BEGIN

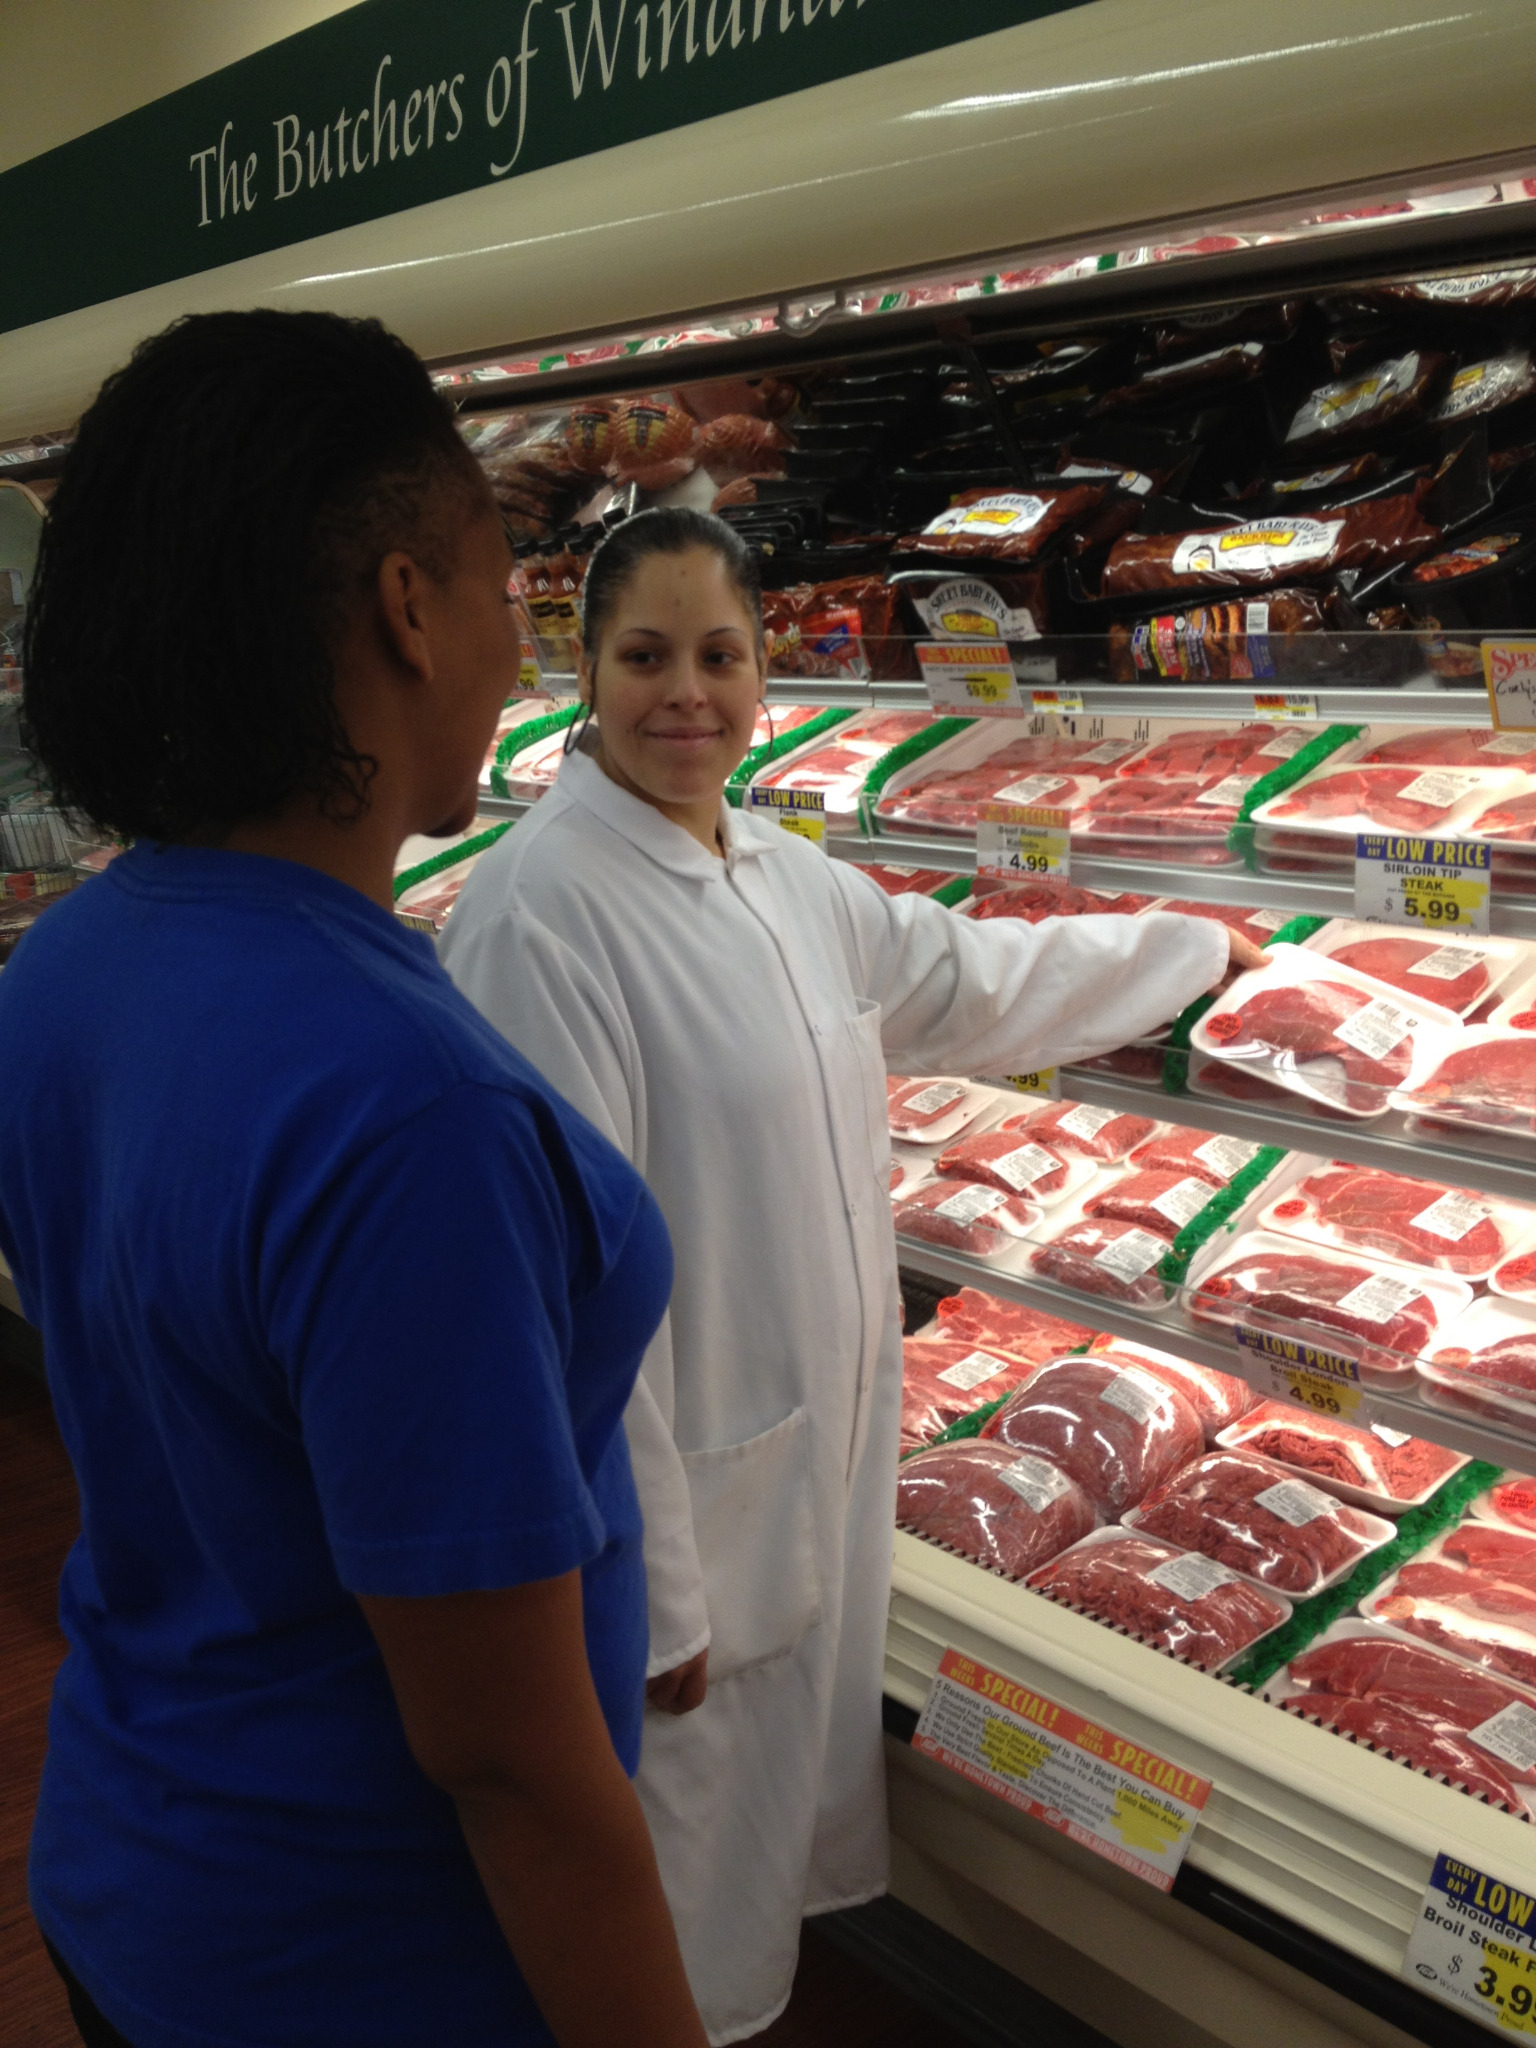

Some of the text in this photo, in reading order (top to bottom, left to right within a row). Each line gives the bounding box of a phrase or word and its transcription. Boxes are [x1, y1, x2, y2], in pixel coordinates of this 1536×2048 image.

[190, 121, 258, 228] The
[273, 55, 466, 202] Butchers
[486, 1, 543, 177] of
[768, 789, 823, 811] LOW PRICE
[1364, 834, 1386, 847] EVERY
[1386, 837, 1486, 868] LOW PRICE
[1009, 853, 1049, 873] 4.99
[1383, 863, 1462, 880] SIRLOIN TIP
[1400, 877, 1444, 892] STEAK
[1404, 897, 1460, 922] 5.99
[1262, 1335, 1355, 1380] LOW PRICE
[1270, 1363, 1297, 1380] Broil
[1299, 1372, 1335, 1392] Steak
[1304, 1366, 1350, 1388] London
[1289, 1385, 1341, 1415] 4.99
[978, 1671, 1060, 1729] SPECIAL!
[934, 1678, 1186, 1821] 5 Reasons Our Ground Beef Is The Best You Can Buy
[1108, 1738, 1199, 1802] SPECIAL!
[1445, 1859, 1477, 1883] EVERY
[1446, 1877, 1467, 1896] DAY
[1474, 1876, 1535, 1929] LOW
[1446, 1896, 1525, 1944] Shoulder
[1424, 1906, 1465, 1937] Broil
[1469, 1930, 1521, 1968] Steak
[1448, 1954, 1464, 1975] $
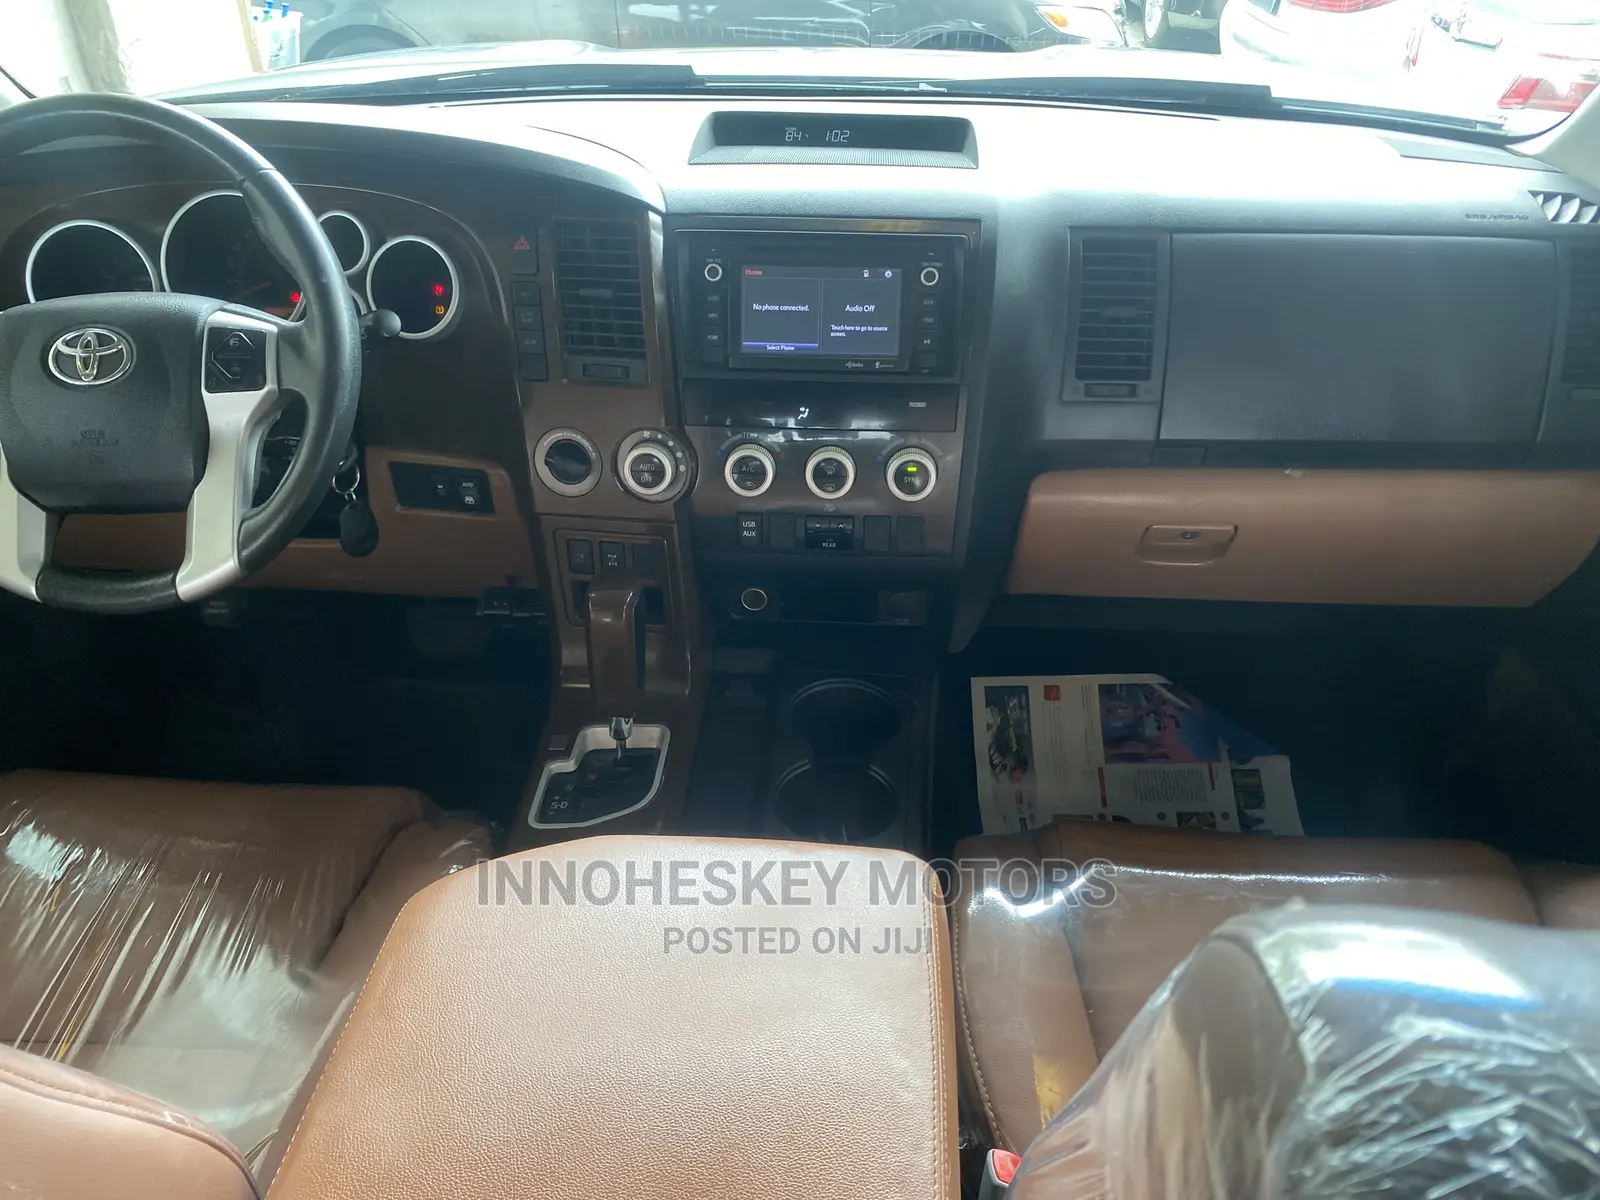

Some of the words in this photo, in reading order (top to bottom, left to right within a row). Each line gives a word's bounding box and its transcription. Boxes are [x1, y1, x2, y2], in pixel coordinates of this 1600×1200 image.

[785, 130, 802, 142] 84
[825, 129, 851, 143] 1:02
[745, 268, 763, 276] Home
[752, 303, 762, 311] No
[762, 304, 780, 312] phone
[780, 304, 810, 312] connected.
[845, 304, 863, 313] Audio
[864, 304, 876, 313] Off
[830, 324, 844, 332] Touch
[845, 324, 855, 332] here
[639, 463, 656, 471] AUTO
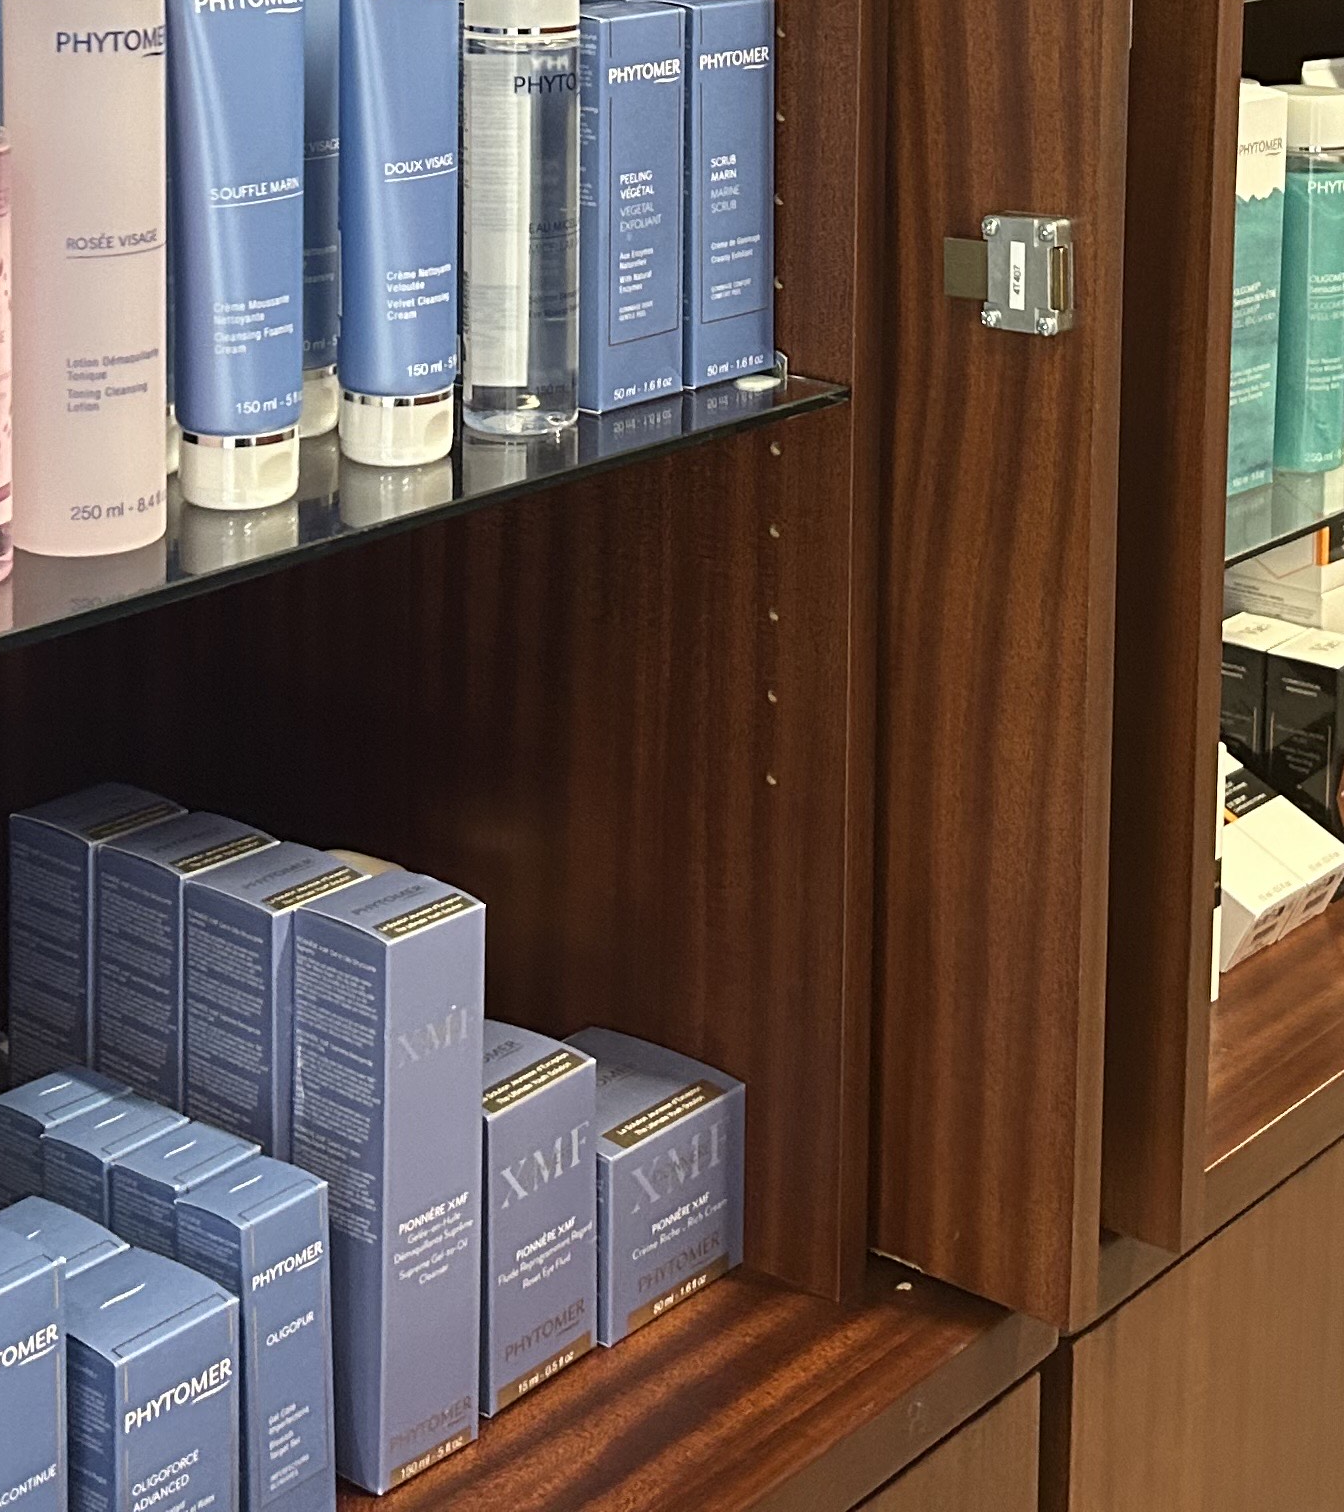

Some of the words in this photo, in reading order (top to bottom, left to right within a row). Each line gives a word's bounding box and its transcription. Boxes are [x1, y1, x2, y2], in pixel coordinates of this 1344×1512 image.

[699, 46, 770, 72] PHYTOMER
[608, 58, 681, 85] PHYTOMER
[1239, 136, 1284, 157] PHYTOMER
[384, 160, 423, 176] DOUX
[425, 153, 454, 170] VISAGE
[710, 154, 737, 170] SCRUB
[619, 170, 653, 186] PEELING
[710, 168, 738, 183] MARIN
[210, 182, 268, 202] SOUFFLE
[619, 183, 656, 201] VÉGÉTAL
[66, 231, 113, 251] ROSÉE
[118, 228, 158, 248] VISAGE
[386, 297, 414, 311] Velvet
[386, 310, 417, 322] Cream
[406, 363, 429, 378] 150
[430, 359, 443, 374] ml
[707, 365, 721, 378] 50
[736, 359, 748, 372] 1.6
[613, 389, 628, 402] 50
[629, 386, 638, 399] ml
[643, 382, 656, 396] 1.6
[235, 399, 261, 416] 150
[262, 396, 277, 412] ml
[70, 504, 102, 522] 250
[106, 502, 125, 519] ml
[500, 1119, 591, 1210] XMF
[446, 1191, 470, 1212] XMF
[252, 1240, 324, 1292] PHYTOMER
[638, 1230, 721, 1294] PHYTOMER
[266, 1310, 315, 1347] OLIGOPUR
[506, 1297, 587, 1363] PHYTOMER
[123, 1357, 234, 1434] PHYTOMER
[131, 1448, 200, 1497] OLIGOFORCE
[132, 1473, 191, 1512] ADVANCED

END

**EXERCISE BRIEF**.
Reproduce the listing above exactly, excluding all pictures.

**OUTPUT OF THE TASK**.
Some of the text in this photo, in reading order (top to bottom, left to right within a row). Each line gives the bounding box of a phrase or word and its transcription. Boxes are [x1, y1, x2, y2], in pixel coordinates of this 1536×2048 image.

[190, 121, 258, 228] The
[273, 55, 466, 202] Butchers
[486, 1, 543, 177] of
[768, 789, 823, 811] LOW PRICE
[1364, 834, 1386, 847] EVERY
[1386, 837, 1486, 868] LOW PRICE
[1009, 853, 1049, 873] 4.99
[1383, 863, 1462, 880] SIRLOIN TIP
[1400, 877, 1444, 892] STEAK
[1404, 897, 1460, 922] 5.99
[1262, 1335, 1355, 1380] LOW PRICE
[1270, 1363, 1297, 1380] Broil
[1299, 1372, 1335, 1392] Steak
[1304, 1366, 1350, 1388] London
[1289, 1385, 1341, 1415] 4.99
[978, 1671, 1060, 1729] SPECIAL!
[934, 1678, 1186, 1821] 5 Reasons Our Ground Beef Is The Best You Can Buy
[1108, 1738, 1199, 1802] SPECIAL!
[1445, 1859, 1477, 1883] EVERY
[1446, 1877, 1467, 1896] DAY
[1474, 1876, 1535, 1929] LOW
[1446, 1896, 1525, 1944] Shoulder
[1424, 1906, 1465, 1937] Broil
[1469, 1930, 1521, 1968] Steak
[1448, 1954, 1464, 1975] $

Some of the words in this photo, in reading order (top to bottom, left to right within a row). Each line gives a word's bounding box and its transcription. Boxes are [x1, y1, x2, y2], in pixel coordinates of this 1600×1200 image.

[785, 130, 802, 142] 84
[825, 129, 851, 143] 1:02
[745, 268, 763, 276] Home
[752, 303, 762, 311] No
[762, 304, 780, 312] phone
[780, 304, 810, 312] connected.
[845, 304, 863, 313] Audio
[864, 304, 876, 313] Off
[830, 324, 844, 332] Touch
[845, 324, 855, 332] here
[639, 463, 656, 471] AUTO

Some of the words in this photo, in reading order (top to bottom, left to right within a row). Each line gives a word's bounding box and its transcription. Boxes are [x1, y1, x2, y2], in pixel coordinates of this 1344×1512 image.

[699, 46, 770, 72] PHYTOMER
[608, 58, 681, 85] PHYTOMER
[1239, 136, 1284, 157] PHYTOMER
[384, 160, 423, 176] DOUX
[425, 153, 454, 170] VISAGE
[710, 154, 737, 170] SCRUB
[619, 170, 653, 186] PEELING
[710, 168, 738, 183] MARIN
[210, 182, 268, 202] SOUFFLE
[619, 183, 656, 201] VÉGÉTAL
[66, 231, 113, 251] ROSÉE
[118, 228, 158, 248] VISAGE
[386, 297, 414, 311] Velvet
[386, 310, 417, 322] Cream
[406, 363, 429, 378] 150
[430, 359, 443, 374] ml
[707, 365, 721, 378] 50
[736, 359, 748, 372] 1.6
[613, 389, 628, 402] 50
[629, 386, 638, 399] ml
[643, 382, 656, 396] 1.6
[235, 399, 261, 416] 150
[262, 396, 277, 412] ml
[70, 504, 102, 522] 250
[106, 502, 125, 519] ml
[500, 1119, 591, 1210] XMF
[446, 1191, 470, 1212] XMF
[252, 1240, 324, 1292] PHYTOMER
[638, 1230, 721, 1294] PHYTOMER
[266, 1310, 315, 1347] OLIGOPUR
[506, 1297, 587, 1363] PHYTOMER
[123, 1357, 234, 1434] PHYTOMER
[131, 1448, 200, 1497] OLIGOFORCE
[132, 1473, 191, 1512] ADVANCED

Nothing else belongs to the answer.